Beginning at the line that contains "this 2356×1568 image.", return every remaining line of the data below exactly; return nothing before it.

◆ ◆ ◆ ◆

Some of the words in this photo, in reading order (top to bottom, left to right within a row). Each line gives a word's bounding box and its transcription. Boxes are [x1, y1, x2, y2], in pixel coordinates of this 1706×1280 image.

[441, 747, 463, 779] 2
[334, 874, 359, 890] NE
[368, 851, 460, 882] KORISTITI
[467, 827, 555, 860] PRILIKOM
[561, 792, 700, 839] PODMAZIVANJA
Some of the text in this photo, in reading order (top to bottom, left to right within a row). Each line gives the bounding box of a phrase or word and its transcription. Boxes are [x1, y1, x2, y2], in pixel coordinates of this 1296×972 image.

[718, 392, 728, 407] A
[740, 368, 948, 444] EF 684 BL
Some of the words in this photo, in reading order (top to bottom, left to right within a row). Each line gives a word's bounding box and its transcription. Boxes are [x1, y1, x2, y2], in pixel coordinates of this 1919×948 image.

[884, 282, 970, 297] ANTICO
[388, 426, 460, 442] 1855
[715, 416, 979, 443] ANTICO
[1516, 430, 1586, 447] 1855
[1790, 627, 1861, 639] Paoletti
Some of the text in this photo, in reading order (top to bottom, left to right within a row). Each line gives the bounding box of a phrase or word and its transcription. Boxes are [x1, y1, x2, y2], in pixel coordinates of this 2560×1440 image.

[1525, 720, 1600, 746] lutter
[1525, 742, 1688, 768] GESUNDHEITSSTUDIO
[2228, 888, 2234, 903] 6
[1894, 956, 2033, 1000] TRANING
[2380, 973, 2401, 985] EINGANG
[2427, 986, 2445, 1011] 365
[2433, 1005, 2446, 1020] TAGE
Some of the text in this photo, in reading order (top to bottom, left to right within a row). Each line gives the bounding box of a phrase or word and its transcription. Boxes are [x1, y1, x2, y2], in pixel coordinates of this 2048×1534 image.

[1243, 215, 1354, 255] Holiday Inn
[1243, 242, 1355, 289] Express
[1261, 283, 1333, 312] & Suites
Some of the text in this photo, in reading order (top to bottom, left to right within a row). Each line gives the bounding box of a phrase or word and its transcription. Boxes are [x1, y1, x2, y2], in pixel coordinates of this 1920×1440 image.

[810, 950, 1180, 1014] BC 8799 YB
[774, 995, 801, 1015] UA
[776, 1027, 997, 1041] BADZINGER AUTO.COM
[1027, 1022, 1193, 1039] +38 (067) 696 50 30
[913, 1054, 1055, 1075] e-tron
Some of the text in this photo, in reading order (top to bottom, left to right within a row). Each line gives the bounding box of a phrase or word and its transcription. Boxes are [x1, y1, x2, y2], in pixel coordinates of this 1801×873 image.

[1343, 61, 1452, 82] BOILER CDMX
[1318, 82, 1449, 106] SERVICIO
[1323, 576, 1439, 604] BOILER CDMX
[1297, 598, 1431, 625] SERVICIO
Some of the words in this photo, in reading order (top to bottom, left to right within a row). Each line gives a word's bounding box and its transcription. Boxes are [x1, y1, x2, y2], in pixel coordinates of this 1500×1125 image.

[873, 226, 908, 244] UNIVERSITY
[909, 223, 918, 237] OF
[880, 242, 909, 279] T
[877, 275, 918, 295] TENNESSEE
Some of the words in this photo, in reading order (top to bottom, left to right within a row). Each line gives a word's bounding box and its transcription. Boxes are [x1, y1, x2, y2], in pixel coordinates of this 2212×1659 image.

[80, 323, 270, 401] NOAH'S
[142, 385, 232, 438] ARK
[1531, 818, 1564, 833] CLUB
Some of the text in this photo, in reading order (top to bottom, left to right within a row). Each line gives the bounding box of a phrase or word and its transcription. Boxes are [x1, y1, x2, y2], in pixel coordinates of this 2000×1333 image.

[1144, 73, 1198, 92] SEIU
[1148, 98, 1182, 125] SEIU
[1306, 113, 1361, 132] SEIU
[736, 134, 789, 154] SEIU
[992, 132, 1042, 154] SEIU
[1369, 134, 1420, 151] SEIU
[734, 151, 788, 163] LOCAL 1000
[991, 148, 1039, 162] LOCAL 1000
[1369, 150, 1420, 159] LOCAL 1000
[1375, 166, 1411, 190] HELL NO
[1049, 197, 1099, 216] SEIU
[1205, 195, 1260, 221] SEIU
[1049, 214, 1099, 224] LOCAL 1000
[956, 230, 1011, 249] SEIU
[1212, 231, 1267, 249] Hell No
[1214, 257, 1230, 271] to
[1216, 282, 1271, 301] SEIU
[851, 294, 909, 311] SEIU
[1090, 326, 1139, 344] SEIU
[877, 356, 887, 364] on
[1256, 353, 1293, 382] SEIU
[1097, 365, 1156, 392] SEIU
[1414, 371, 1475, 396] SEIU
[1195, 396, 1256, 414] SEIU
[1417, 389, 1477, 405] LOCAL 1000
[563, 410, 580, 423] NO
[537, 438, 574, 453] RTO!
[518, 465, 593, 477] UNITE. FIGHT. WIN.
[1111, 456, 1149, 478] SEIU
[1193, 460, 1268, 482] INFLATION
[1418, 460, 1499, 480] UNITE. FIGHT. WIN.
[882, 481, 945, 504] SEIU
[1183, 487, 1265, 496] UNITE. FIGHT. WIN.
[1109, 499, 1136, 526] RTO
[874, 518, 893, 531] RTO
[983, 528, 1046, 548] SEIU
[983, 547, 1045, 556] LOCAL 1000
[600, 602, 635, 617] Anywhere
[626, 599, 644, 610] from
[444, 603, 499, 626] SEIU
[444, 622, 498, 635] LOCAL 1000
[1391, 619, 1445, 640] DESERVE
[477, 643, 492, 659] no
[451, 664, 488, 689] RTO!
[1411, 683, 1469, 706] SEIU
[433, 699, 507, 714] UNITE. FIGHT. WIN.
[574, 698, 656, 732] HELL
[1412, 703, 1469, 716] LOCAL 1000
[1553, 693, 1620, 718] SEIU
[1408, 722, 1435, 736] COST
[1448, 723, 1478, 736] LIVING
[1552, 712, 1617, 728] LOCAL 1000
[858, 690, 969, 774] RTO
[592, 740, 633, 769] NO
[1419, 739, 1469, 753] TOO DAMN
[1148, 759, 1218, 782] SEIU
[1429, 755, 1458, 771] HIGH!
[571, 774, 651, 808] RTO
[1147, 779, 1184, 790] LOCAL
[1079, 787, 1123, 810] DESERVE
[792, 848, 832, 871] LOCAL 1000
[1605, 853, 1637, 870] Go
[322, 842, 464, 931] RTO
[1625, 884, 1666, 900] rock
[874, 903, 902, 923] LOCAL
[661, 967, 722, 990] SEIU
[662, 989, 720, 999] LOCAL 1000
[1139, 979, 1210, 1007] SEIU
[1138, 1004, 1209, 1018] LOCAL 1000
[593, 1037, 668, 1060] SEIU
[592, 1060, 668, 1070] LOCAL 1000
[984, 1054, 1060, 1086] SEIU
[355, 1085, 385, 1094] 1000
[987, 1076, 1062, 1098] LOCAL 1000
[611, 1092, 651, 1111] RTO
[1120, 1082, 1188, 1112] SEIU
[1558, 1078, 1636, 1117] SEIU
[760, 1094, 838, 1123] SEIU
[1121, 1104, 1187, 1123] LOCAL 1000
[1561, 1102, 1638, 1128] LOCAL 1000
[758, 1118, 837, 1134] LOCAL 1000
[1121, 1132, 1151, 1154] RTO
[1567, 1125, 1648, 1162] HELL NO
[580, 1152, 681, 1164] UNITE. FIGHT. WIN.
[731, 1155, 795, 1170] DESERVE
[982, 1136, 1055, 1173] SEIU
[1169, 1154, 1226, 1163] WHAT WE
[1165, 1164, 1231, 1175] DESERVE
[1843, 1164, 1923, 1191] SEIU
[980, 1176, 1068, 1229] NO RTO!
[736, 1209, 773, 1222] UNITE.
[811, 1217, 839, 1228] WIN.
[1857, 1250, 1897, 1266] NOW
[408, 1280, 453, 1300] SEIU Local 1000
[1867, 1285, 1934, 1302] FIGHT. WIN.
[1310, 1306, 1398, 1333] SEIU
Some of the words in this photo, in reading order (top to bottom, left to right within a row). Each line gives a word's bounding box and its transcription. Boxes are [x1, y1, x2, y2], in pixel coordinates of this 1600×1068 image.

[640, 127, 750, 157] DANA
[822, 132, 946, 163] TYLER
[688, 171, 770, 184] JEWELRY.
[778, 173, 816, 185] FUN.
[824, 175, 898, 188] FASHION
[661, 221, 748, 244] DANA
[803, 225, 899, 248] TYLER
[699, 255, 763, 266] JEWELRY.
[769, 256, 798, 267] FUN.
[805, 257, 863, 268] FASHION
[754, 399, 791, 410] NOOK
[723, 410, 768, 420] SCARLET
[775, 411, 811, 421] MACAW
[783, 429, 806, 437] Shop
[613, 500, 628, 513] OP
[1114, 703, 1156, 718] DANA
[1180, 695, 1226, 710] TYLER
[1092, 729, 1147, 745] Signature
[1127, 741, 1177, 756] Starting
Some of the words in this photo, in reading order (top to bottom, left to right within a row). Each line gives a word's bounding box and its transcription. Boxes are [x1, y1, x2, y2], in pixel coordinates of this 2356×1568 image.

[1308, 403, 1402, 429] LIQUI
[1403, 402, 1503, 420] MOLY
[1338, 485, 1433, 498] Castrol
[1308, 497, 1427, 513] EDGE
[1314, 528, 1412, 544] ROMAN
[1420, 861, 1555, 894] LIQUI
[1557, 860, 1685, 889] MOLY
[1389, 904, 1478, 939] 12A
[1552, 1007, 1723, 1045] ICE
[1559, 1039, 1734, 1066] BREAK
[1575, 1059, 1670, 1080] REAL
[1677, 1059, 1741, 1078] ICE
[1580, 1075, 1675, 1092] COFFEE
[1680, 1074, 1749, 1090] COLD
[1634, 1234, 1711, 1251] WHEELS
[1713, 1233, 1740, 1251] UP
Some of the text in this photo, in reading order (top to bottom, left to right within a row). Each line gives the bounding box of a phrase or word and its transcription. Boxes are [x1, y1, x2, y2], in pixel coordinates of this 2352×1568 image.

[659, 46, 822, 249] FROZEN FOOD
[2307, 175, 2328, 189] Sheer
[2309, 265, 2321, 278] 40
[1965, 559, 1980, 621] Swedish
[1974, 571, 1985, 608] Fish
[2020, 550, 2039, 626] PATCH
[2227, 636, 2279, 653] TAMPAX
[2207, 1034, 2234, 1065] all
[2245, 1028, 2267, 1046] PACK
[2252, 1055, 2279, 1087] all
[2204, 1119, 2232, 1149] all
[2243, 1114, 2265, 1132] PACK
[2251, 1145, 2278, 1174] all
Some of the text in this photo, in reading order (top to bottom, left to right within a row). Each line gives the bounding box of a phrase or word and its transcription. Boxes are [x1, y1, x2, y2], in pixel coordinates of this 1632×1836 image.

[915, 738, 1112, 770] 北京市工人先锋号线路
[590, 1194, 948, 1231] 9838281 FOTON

◆ ◆ ◆ ◆

* _RESULT OF THIS TASK_:
Some of the words in this photo, in reading order (top to bottom, left to right within a row). Each line gives a word's bounding box and its transcription. Boxes are [x1, y1, x2, y2], in pixel coordinates of this 2356×1568 image.

[1308, 403, 1402, 429] LIQUI
[1403, 402, 1503, 420] MOLY
[1338, 485, 1433, 498] Castrol
[1308, 497, 1427, 513] EDGE
[1314, 528, 1412, 544] ROMAN
[1420, 861, 1555, 894] LIQUI
[1557, 860, 1685, 889] MOLY
[1389, 904, 1478, 939] 12A
[1552, 1007, 1723, 1045] ICE
[1559, 1039, 1734, 1066] BREAK
[1575, 1059, 1670, 1080] REAL
[1677, 1059, 1741, 1078] ICE
[1580, 1075, 1675, 1092] COFFEE
[1680, 1074, 1749, 1090] COLD
[1634, 1234, 1711, 1251] WHEELS
[1713, 1233, 1740, 1251] UP
Some of the text in this photo, in reading order (top to bottom, left to right within a row). Each line gives the bounding box of a phrase or word and its transcription. Boxes are [x1, y1, x2, y2], in pixel coordinates of this 2352×1568 image.

[659, 46, 822, 249] FROZEN FOOD
[2307, 175, 2328, 189] Sheer
[2309, 265, 2321, 278] 40
[1965, 559, 1980, 621] Swedish
[1974, 571, 1985, 608] Fish
[2020, 550, 2039, 626] PATCH
[2227, 636, 2279, 653] TAMPAX
[2207, 1034, 2234, 1065] all
[2245, 1028, 2267, 1046] PACK
[2252, 1055, 2279, 1087] all
[2204, 1119, 2232, 1149] all
[2243, 1114, 2265, 1132] PACK
[2251, 1145, 2278, 1174] all
Some of the text in this photo, in reading order (top to bottom, left to right within a row). Each line gives the bounding box of a phrase or word and its transcription. Boxes are [x1, y1, x2, y2], in pixel coordinates of this 1632×1836 image.

[915, 738, 1112, 770] 北京市工人先锋号线路
[590, 1194, 948, 1231] 9838281 FOTON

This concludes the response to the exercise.